The modular chiplet approach allows Meta to adapt the chips as AI workloads evolve, with each MTIA generation building incrementally on the last. The chips are intended for training models for ranking and recommendation algorithms, broader AI workloads, and inference for Meta's applications. This move is part of Meta's massive investment in compute capacity, with the company projecting capital expenditures between $125 billion and $145 billion this year, much of it directed toward AI infrastructure and power deals worldwide.
Meta is not alone in this effort—other major tech companies including OpenAI, Anthropic, Amazon, and Google are also developing proprietary AI chips to manage the soaring costs of compute. The trend signals a broader industry pivot away from exclusive reliance on commodity GPU suppliers, reshaping the competitive landscape for semiconductor companies.

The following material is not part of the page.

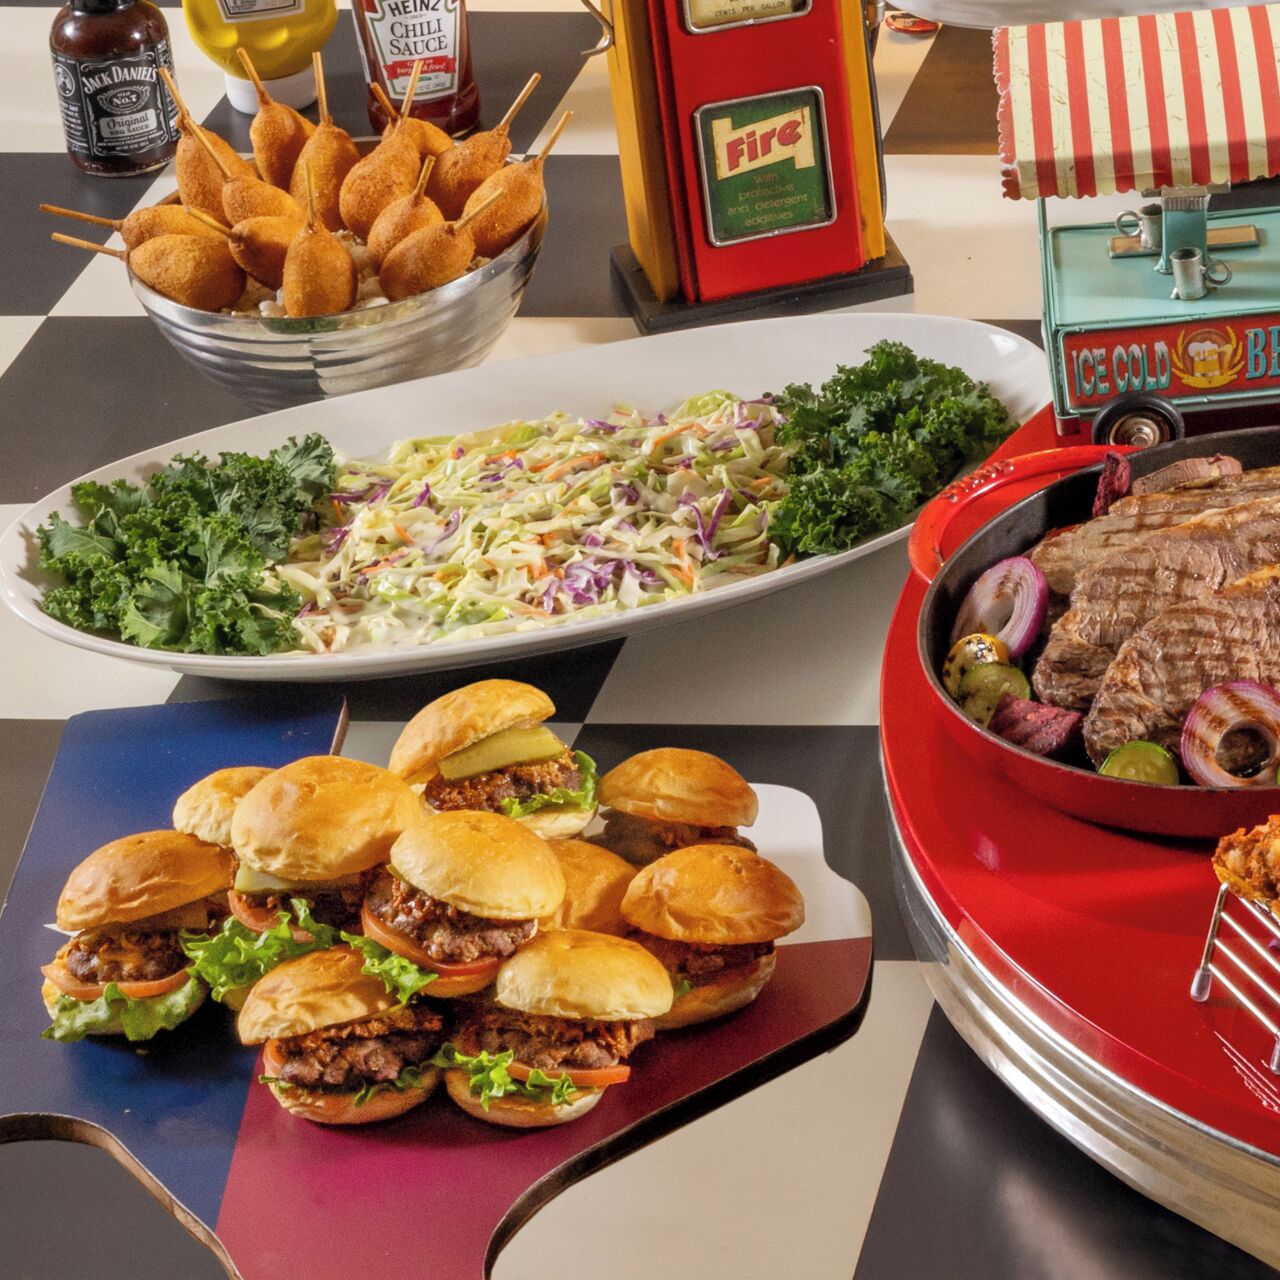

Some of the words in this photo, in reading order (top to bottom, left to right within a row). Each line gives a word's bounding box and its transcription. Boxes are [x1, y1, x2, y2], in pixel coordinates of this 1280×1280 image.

- Major tech companies including OpenAI, Anthropic, Amazon, and Google are similarly developing proprietary chips to reduce dependency on GPU makers
Editorial Opinion
Meta's shift toward custom AI chips represents a critical inflection point in the AI infrastructure wars. While the company will remain a major buyer from NVIDIA and AMD, developing specialized hardware signals that hyperscalers can no longer tolerate the cost and dependency constraints of the commodity GPU market. The modular architecture is particularly smart—it hedges against rapid changes in AI workloads while keeping manufacturing timelines competitive. If Meta's chips deliver expected cost savings at scale, we should expect this pattern to accelerate across the industry, potentially reshaping the semiconductor landscape for the next decade.